É uma reacção às declarações do ministro das Finanças, Joaquim Miranda Sarmento, que esta quarta-feira defendeu no Parlamento a revisão em alta da taxa de IVA aplicada à restauração, actualmente nos 13%, e classificou a descida aprovada em 2016 como um «erro crasso de política orçamental e económica».
A Confederação Portuguesa das Micro, Pequenas e Médias Empresas (CPPME) rejeita em comunicado a «intenção de regresso a um passado que destrói restaurantes, alimenta desemprego e faz perder identidade gastronómica é inaceitável», lembrando que 2025 já ficou marcado pela falência de milhares de operadores do sector, mesmo com a taxa reduzida de 13% a incidir sobre a parte alimentar.
A CPPME recorda ainda que, em Janeiro de 2026, o ministro da Economia prometeu ajuda urgente à restauração, reconhecendo a crise estrutural do sector e que a restauração é «muito importante» e «emprega muita gente».
Na altura, foi anunciado que o Turismo de Portugal iria antecipar o dinheiro das dívidas à banca, permitindo às empresas pagarem num prazo mais alargado.
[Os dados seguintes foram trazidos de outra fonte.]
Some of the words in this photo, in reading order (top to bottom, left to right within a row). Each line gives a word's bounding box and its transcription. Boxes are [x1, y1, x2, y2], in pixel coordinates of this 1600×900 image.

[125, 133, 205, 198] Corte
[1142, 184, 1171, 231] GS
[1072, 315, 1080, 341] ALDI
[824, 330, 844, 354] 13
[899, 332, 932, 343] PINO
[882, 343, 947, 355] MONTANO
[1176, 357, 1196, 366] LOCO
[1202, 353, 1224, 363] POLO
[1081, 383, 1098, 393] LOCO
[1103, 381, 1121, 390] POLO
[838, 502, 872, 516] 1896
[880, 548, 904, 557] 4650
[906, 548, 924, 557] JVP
Contudo, no passado mês de Abril, o mesmo ministro justificou o adiamento dessas medidas com a necessidade de dar resposta aos estragos provocados pelo «comboio de tempestades» que afectou o País.
No entanto, alerta a CPPME, a crise na restauração «continua inalterada», com o cabaz alimentar a bater recordes todas as semanas, os custos de produção alinhados com a escalada do preço dos combustíveis e as populações a perderem rendimentos. «É nesta realidade que o Governo tem a intenção de tirar forças a uma já anémica restauração, defendendo o aumento da taxa de IVA para 23%», critica.
Para a confederação, a medida seria «uma falta de respeito» e «iria ditar mais falências, mais desemprego, principalmente junto das MPME que se distinguem na restauração tradicional».
A CPPME aproveita ainda para recordar que, no seu documento estratégico «Propostas para Uma Economia que Promova o Desenvolvimento Nacional», alerta para a urgência de implementar outras políticas, como a aplicação da taxa reduzida de IVA ao sector da restauração, na parte alimentar. A confederação reitera também a exigência de aplicação da taxa de 13% a bebidas não alcoólicas e não gaseificadas, medida aprovada no Orçamento do Estado de 2018, mas que os sucessivos governos nunca implementaram.